Segment Start: Data excerpts

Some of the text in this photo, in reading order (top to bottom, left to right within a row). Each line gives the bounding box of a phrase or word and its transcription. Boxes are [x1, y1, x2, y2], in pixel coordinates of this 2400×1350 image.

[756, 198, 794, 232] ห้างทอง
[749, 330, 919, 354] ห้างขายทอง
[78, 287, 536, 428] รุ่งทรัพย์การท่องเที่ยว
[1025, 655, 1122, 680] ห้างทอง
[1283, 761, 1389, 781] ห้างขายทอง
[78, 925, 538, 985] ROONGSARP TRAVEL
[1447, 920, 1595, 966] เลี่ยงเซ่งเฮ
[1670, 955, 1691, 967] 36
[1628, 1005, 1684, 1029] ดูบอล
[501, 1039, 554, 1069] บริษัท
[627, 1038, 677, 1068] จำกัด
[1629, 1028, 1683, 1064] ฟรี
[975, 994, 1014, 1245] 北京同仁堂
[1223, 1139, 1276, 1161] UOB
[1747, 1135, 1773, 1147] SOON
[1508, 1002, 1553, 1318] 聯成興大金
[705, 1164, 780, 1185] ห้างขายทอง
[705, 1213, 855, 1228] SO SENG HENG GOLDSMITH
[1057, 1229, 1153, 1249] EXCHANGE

Segment End: Data excerpts

## [Task brief]
Repeat every line of the material exactly.

## [Answer to this exercise]
Some of the text in this photo, in reading order (top to bottom, left to right within a row). Each line gives the bounding box of a phrase or word and its transcription. Boxes are [x1, y1, x2, y2], in pixel coordinates of this 2400×1350 image.

[756, 198, 794, 232] ห้างทอง
[749, 330, 919, 354] ห้างขายทอง
[78, 287, 536, 428] รุ่งทรัพย์การท่องเที่ยว
[1025, 655, 1122, 680] ห้างทอง
[1283, 761, 1389, 781] ห้างขายทอง
[78, 925, 538, 985] ROONGSARP TRAVEL
[1447, 920, 1595, 966] เลี่ยงเซ่งเฮ
[1670, 955, 1691, 967] 36
[1628, 1005, 1684, 1029] ดูบอล
[501, 1039, 554, 1069] บริษัท
[627, 1038, 677, 1068] จำกัด
[1629, 1028, 1683, 1064] ฟรี
[975, 994, 1014, 1245] 北京同仁堂
[1223, 1139, 1276, 1161] UOB
[1747, 1135, 1773, 1147] SOON
[1508, 1002, 1553, 1318] 聯成興大金
[705, 1164, 780, 1185] ห้างขายทอง
[705, 1213, 855, 1228] SO SENG HENG GOLDSMITH
[1057, 1229, 1153, 1249] EXCHANGE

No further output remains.